#### MATERIAL FOR THIS EXERCISE:
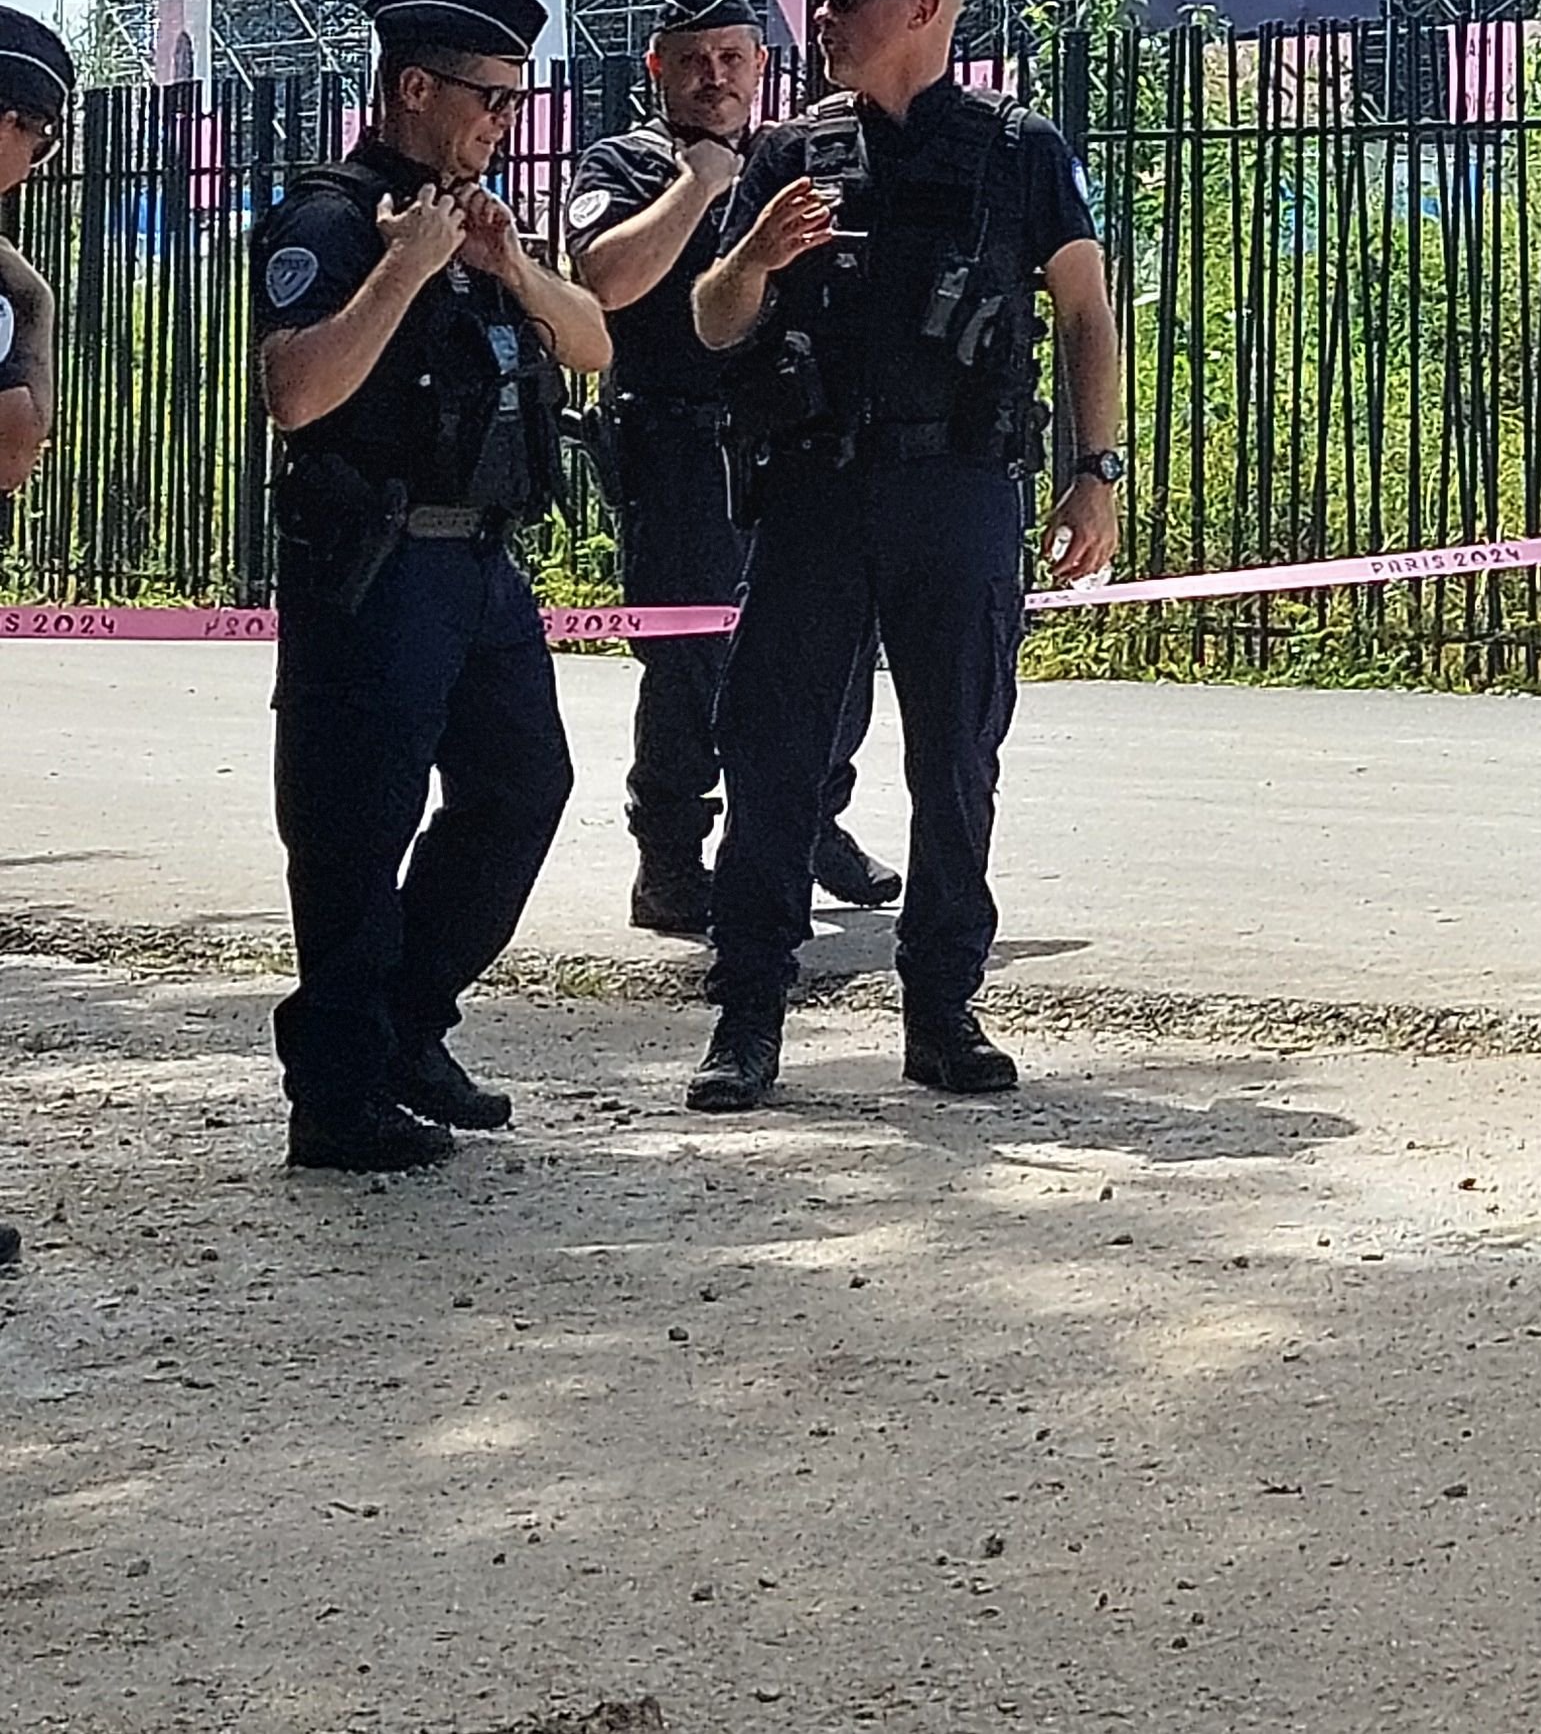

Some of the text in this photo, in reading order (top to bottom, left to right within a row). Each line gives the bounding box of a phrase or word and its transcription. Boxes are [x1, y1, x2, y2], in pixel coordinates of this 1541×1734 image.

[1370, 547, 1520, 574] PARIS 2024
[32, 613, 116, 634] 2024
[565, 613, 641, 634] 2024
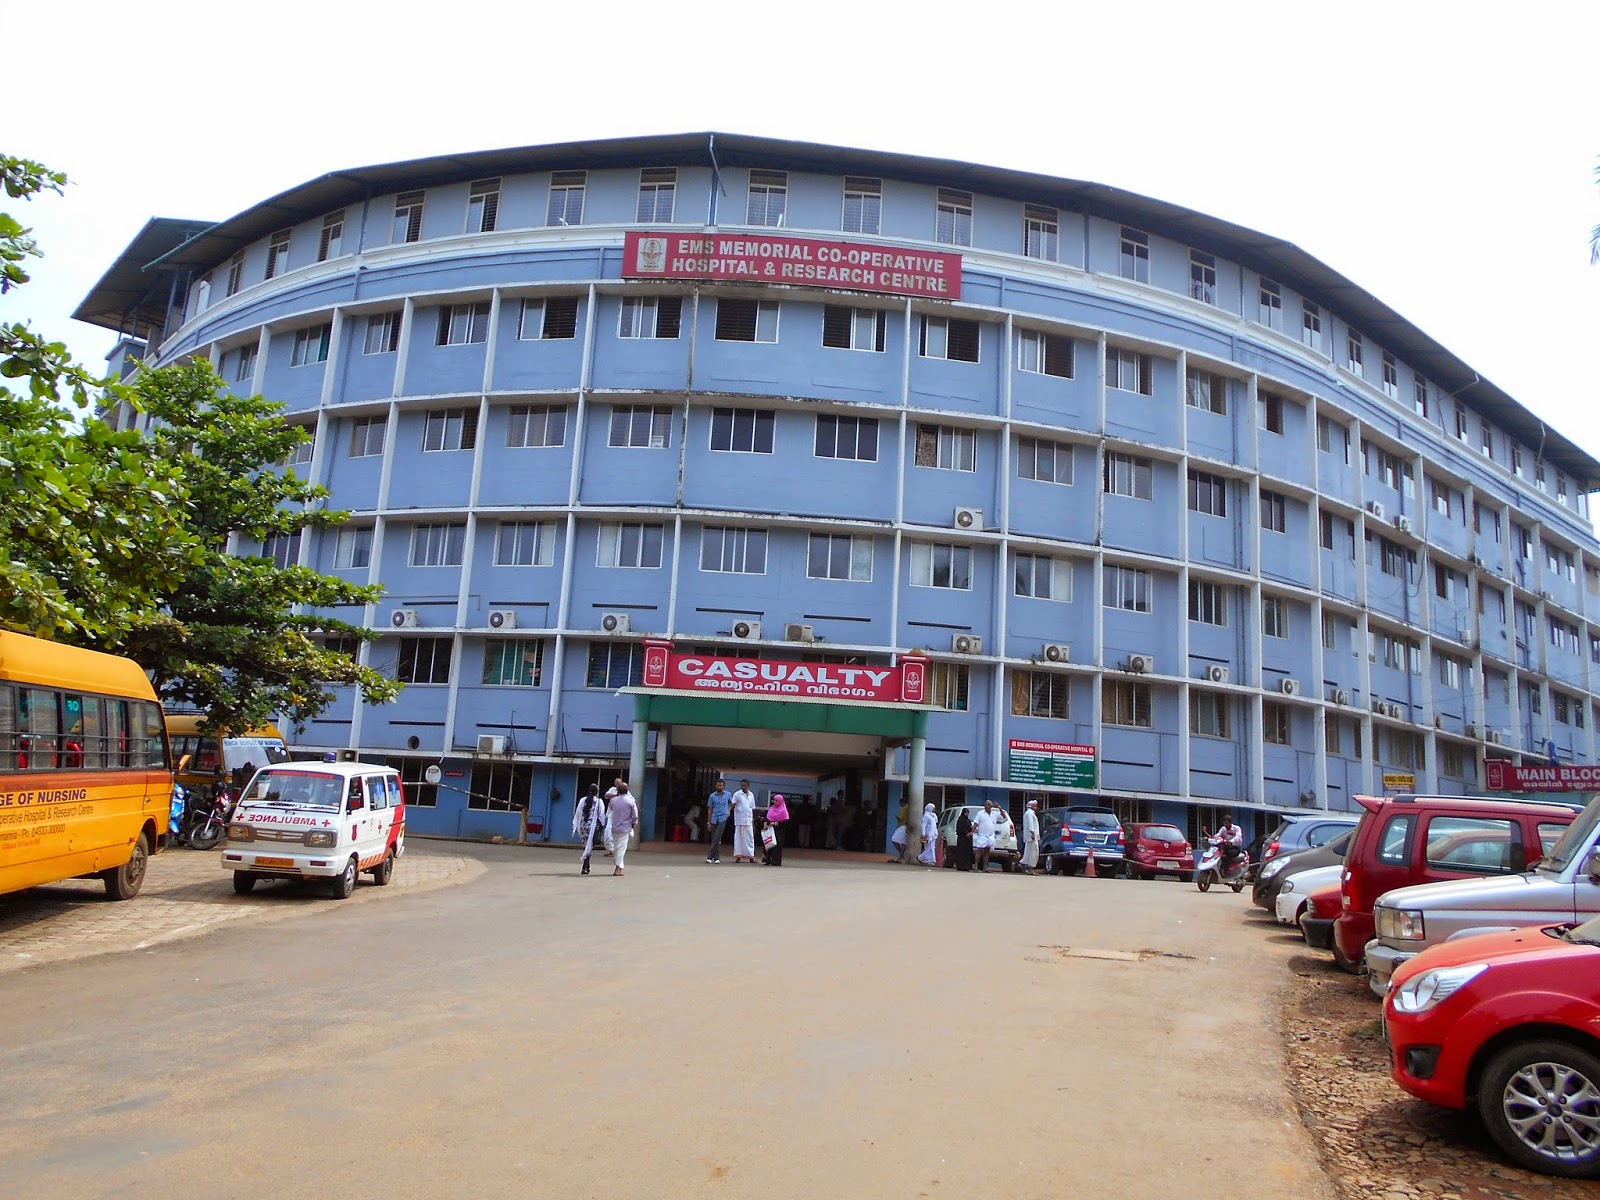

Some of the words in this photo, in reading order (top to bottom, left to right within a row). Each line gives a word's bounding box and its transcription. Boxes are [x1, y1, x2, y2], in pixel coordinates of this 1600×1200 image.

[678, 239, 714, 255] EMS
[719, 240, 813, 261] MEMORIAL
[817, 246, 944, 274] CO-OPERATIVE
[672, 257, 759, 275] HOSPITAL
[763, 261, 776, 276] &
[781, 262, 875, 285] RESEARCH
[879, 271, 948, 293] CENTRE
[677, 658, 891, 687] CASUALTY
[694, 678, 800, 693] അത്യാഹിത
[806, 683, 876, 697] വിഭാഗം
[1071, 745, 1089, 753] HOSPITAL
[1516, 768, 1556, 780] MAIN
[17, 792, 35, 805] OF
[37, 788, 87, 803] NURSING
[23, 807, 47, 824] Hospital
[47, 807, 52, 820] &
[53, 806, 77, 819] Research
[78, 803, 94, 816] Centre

#### WHAT YOU ARE ASKED TO DO:
Give back the whole listing exactly; no pictures.

#### TASK ANSWER:
Some of the text in this photo, in reading order (top to bottom, left to right within a row). Each line gives the bounding box of a phrase or word and its transcription. Boxes are [x1, y1, x2, y2], in pixel coordinates of this 1541×1734 image.

[1370, 547, 1520, 574] PARIS 2024
[32, 613, 116, 634] 2024
[565, 613, 641, 634] 2024

Some of the words in this photo, in reading order (top to bottom, left to right within a row). Each line gives a word's bounding box and its transcription. Boxes are [x1, y1, x2, y2], in pixel coordinates of this 1600×1200 image.

[678, 239, 714, 255] EMS
[719, 240, 813, 261] MEMORIAL
[817, 246, 944, 274] CO-OPERATIVE
[672, 257, 759, 275] HOSPITAL
[763, 261, 776, 276] &
[781, 262, 875, 285] RESEARCH
[879, 271, 948, 293] CENTRE
[677, 658, 891, 687] CASUALTY
[694, 678, 800, 693] അത്യാഹിത
[806, 683, 876, 697] വിഭാഗം
[1071, 745, 1089, 753] HOSPITAL
[1516, 768, 1556, 780] MAIN
[17, 792, 35, 805] OF
[37, 788, 87, 803] NURSING
[23, 807, 47, 824] Hospital
[47, 807, 52, 820] &
[53, 806, 77, 819] Research
[78, 803, 94, 816] Centre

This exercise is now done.